The point guard development will continue, and timelines will start to overlap. When Cooke and Fletcher leave the program, Johnson and Cooper will have point guard responsibilities. The highest-rated recruit in South Carolina's 2023 recruiting class is a point guard from Columbia, Malaysia Fulwiley.

"I can finish a sentence for her," Cooke said. "I remember my freshman year, [point guard] Ty [Harris] always knew what to say, and Ty knew the answer. And I was like, 'man, when I'm a senior I hope I can do that.' I will say she was on me a lot more when I was a freshman. Towards the end of my junior year was when I was able to start figuring a lot of things out."

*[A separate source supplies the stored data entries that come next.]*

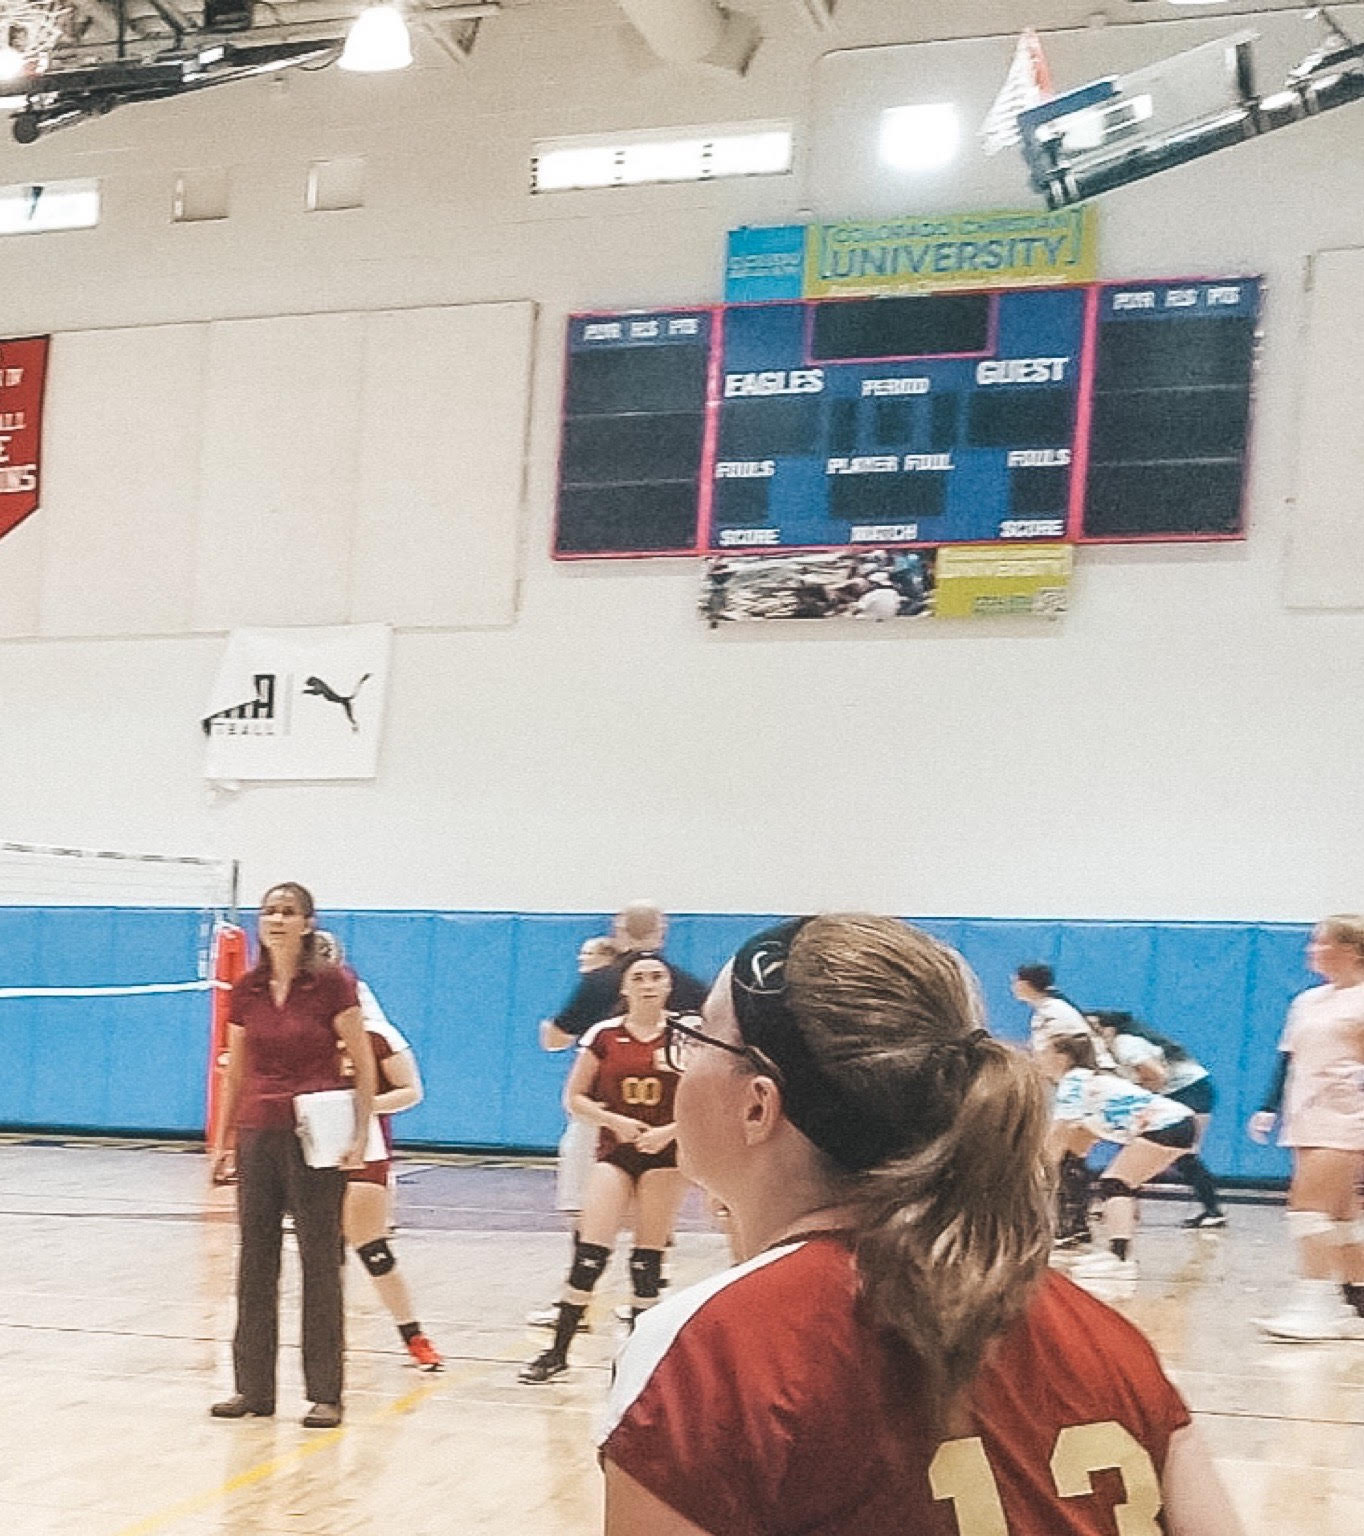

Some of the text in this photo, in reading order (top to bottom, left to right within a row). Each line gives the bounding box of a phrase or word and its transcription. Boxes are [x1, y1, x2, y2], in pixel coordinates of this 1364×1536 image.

[830, 235, 1068, 278] UNIVERSITY
[724, 368, 825, 399] EAGLES
[976, 356, 1070, 386] GUEST
[716, 459, 776, 479] FOULS
[826, 455, 899, 475] PLAYER
[1007, 448, 1071, 468] FOULS
[621, 1076, 662, 1106] 00

It might be why so many of her former point guards have coached themselves. Jordan spent 14 years on Staley's staff at South Carolina before taking an assistant job at Florida. Sessions coached at Ridge View high school in Columbia and still frequently comes back to Staley's practices to the point where "she can't help it" and tries to coach them from afar. Sutton coached at George School, a high school just outside her hometown of Trenton, New Jersey.

Staley needs her point guards to be "mini-coaches." She wants them to be extensions of her on the floor. They learn the concepts — flow, vision, defensive pressure, vocal leadership — and coach them to their teammates. And in a lot of cases, the coaching never leaves.

It is exactly what she wants. And for a lot of players, exactly what they wanted.

"I wouldn't have had it any other way," Sutton said. "I literally got to learn from the greatest point guard in the game. She's achieved success at every level."